Free-text object descriptions
==========

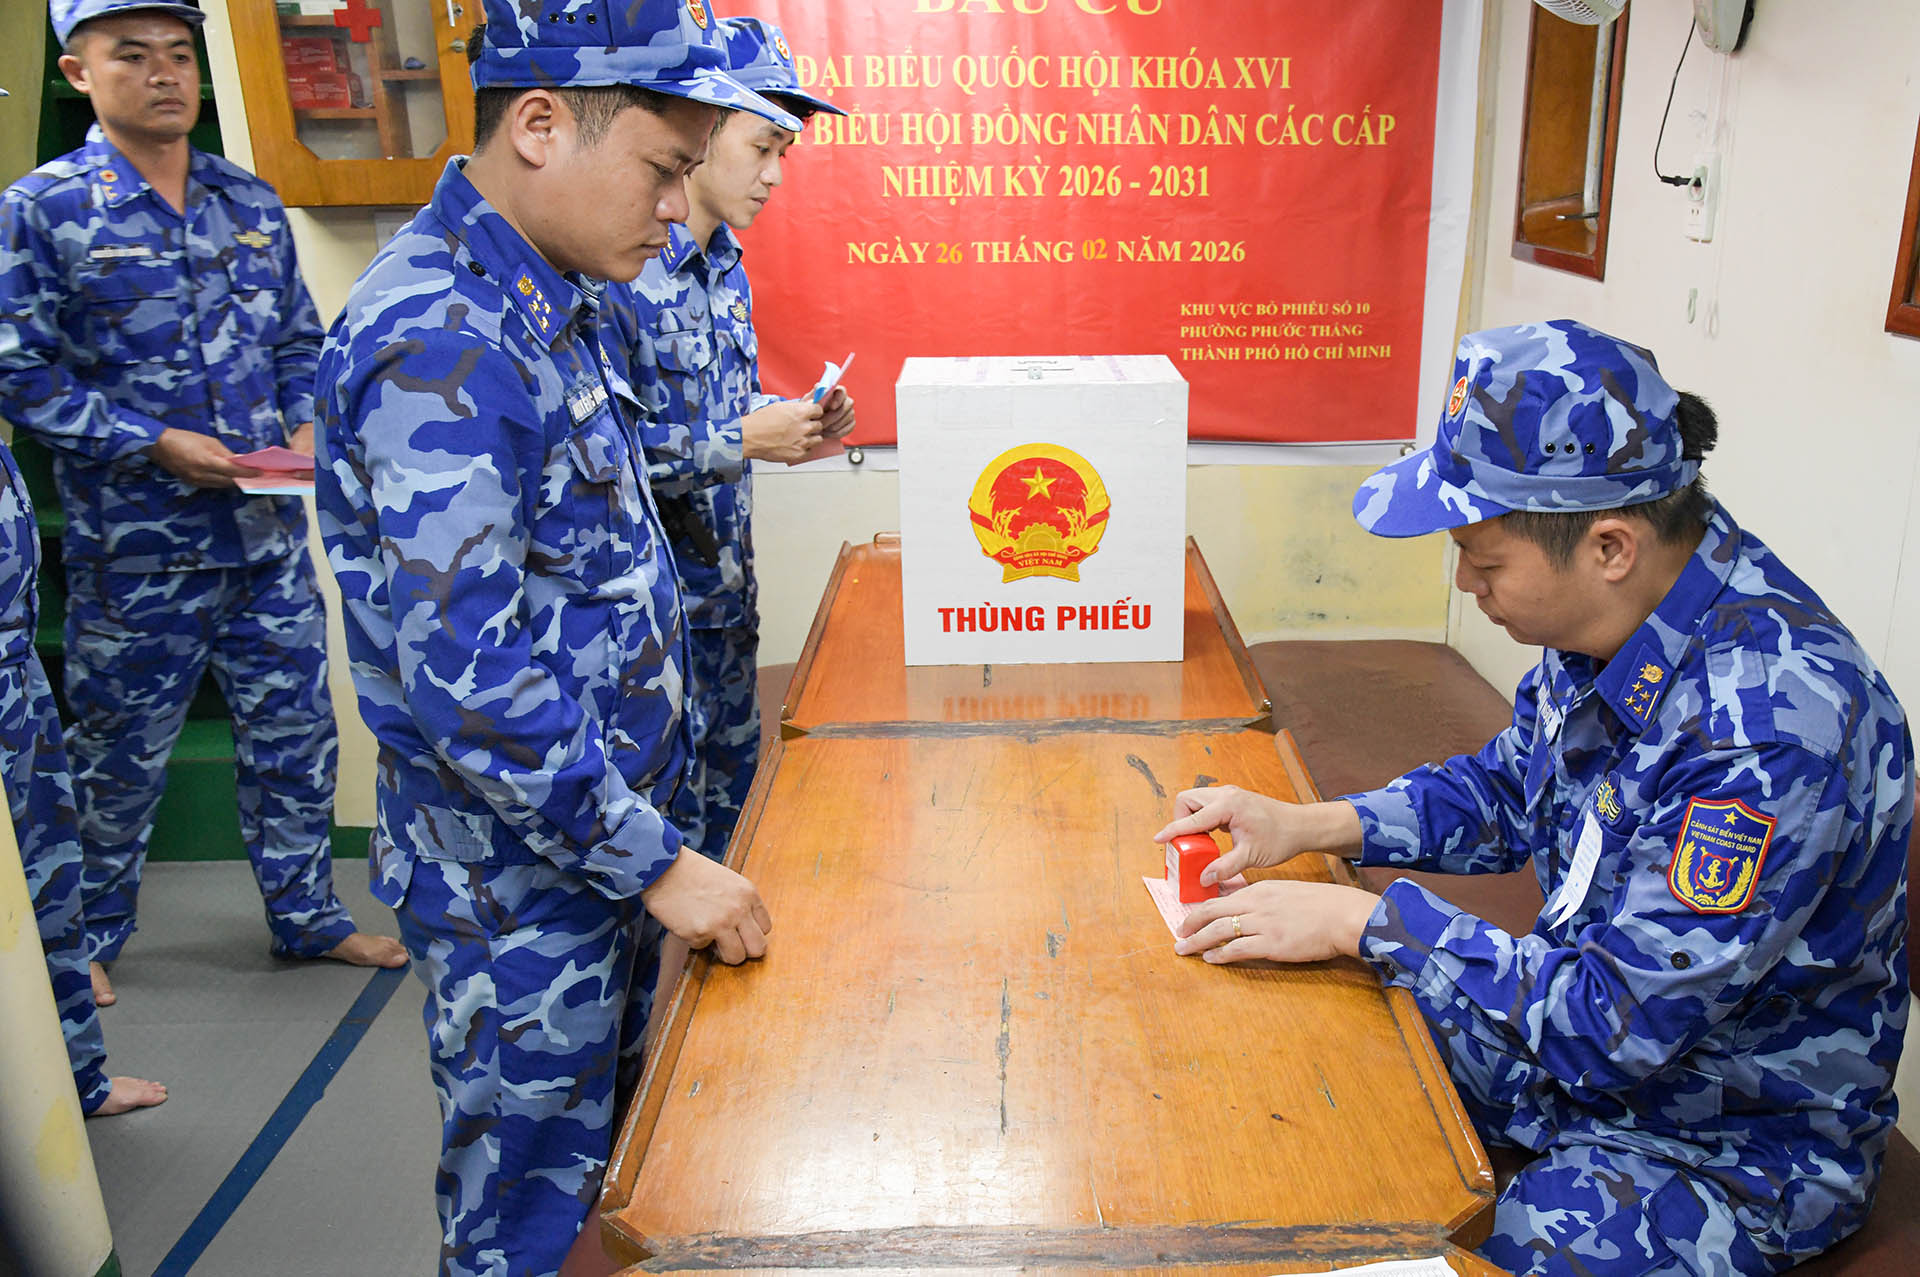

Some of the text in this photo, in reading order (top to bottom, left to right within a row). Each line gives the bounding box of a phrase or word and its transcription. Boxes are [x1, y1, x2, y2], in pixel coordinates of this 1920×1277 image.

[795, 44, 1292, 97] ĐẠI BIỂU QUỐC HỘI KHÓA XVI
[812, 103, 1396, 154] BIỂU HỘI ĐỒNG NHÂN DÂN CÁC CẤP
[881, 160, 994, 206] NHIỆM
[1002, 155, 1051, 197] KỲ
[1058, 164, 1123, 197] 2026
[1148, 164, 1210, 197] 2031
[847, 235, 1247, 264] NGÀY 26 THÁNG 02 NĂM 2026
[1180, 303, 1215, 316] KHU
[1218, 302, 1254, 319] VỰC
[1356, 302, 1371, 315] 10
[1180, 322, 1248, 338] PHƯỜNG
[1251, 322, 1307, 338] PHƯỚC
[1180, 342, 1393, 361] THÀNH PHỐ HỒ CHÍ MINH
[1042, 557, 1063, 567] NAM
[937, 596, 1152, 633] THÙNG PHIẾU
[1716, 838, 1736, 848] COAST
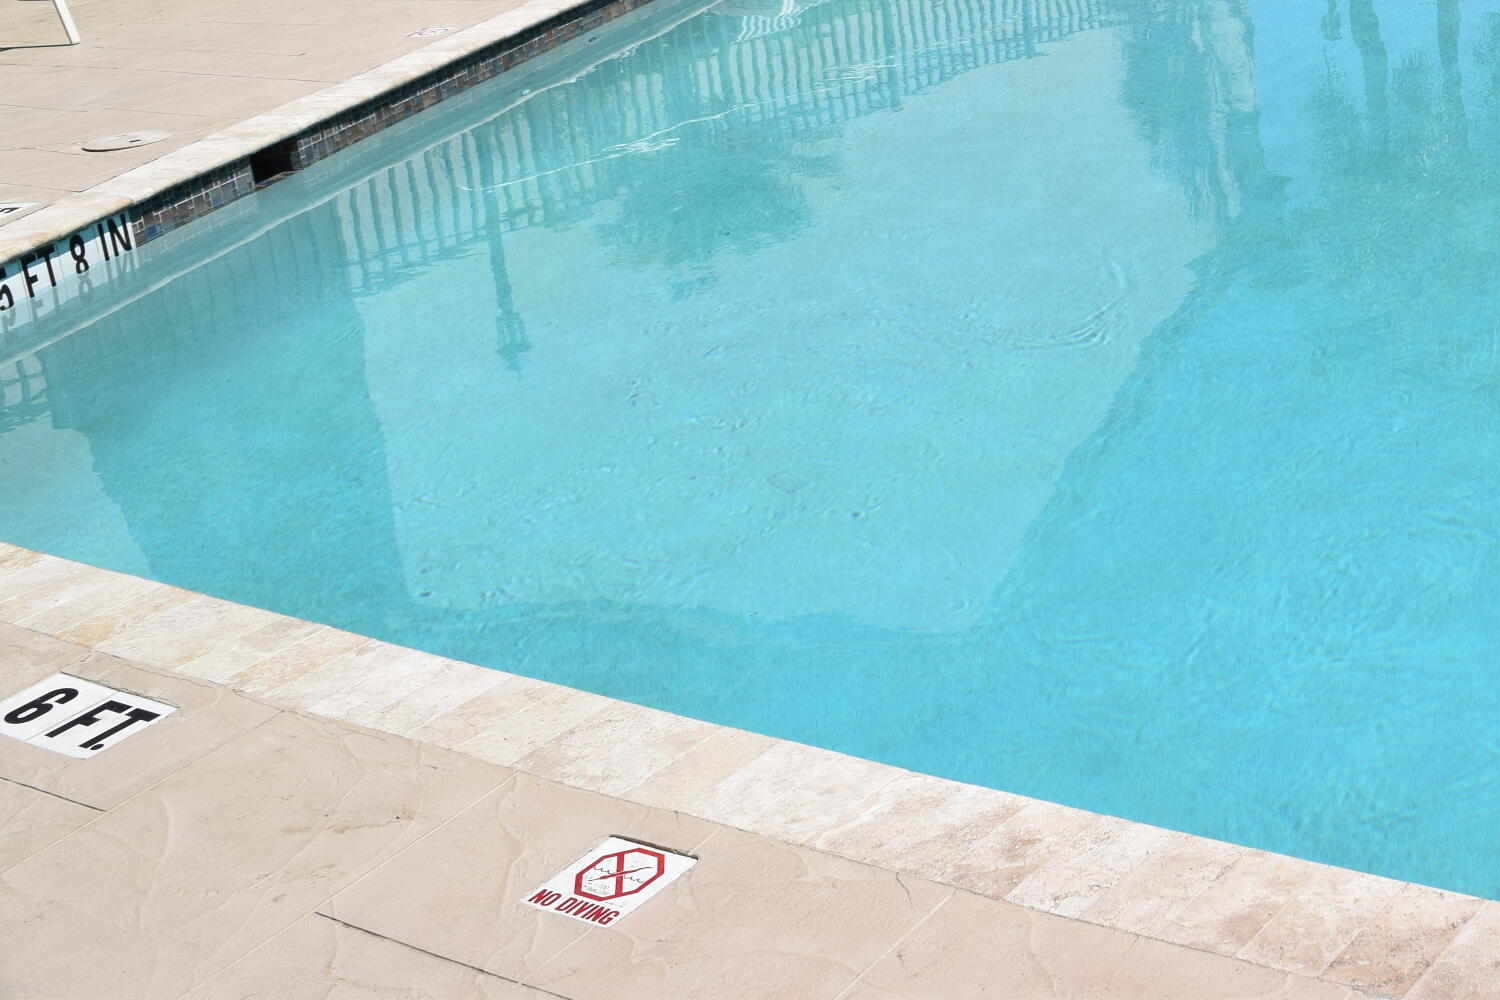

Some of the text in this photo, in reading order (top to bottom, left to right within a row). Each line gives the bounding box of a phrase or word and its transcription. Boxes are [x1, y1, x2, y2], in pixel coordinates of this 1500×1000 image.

==========

**ASSIGNED TASK**
An exact repetition of all the records above is required, excluding the pictures.

**EXPECTED ANSWER**
Some of the text in this photo, in reading order (top to bottom, left to right within a row). Each line gives the bounding box of a phrase or word and its transcription. Boxes are [x1, y1, x2, y2], in pixel coordinates of this 1920×1277 image.

[795, 44, 1292, 97] ĐẠI BIỂU QUỐC HỘI KHÓA XVI
[812, 103, 1396, 154] BIỂU HỘI ĐỒNG NHÂN DÂN CÁC CẤP
[881, 160, 994, 206] NHIỆM
[1002, 155, 1051, 197] KỲ
[1058, 164, 1123, 197] 2026
[1148, 164, 1210, 197] 2031
[847, 235, 1247, 264] NGÀY 26 THÁNG 02 NĂM 2026
[1180, 303, 1215, 316] KHU
[1218, 302, 1254, 319] VỰC
[1356, 302, 1371, 315] 10
[1180, 322, 1248, 338] PHƯỜNG
[1251, 322, 1307, 338] PHƯỚC
[1180, 342, 1393, 361] THÀNH PHỐ HỒ CHÍ MINH
[1042, 557, 1063, 567] NAM
[937, 596, 1152, 633] THÙNG PHIẾU
[1716, 838, 1736, 848] COAST

Some of the text in this photo, in reading order (top to bottom, left to right within a row). Each line gives the bounding box of a phrase or word and its transcription. Boxes are [x1, y1, x2, y2], in pixel coordinates of this 1500×1000 image.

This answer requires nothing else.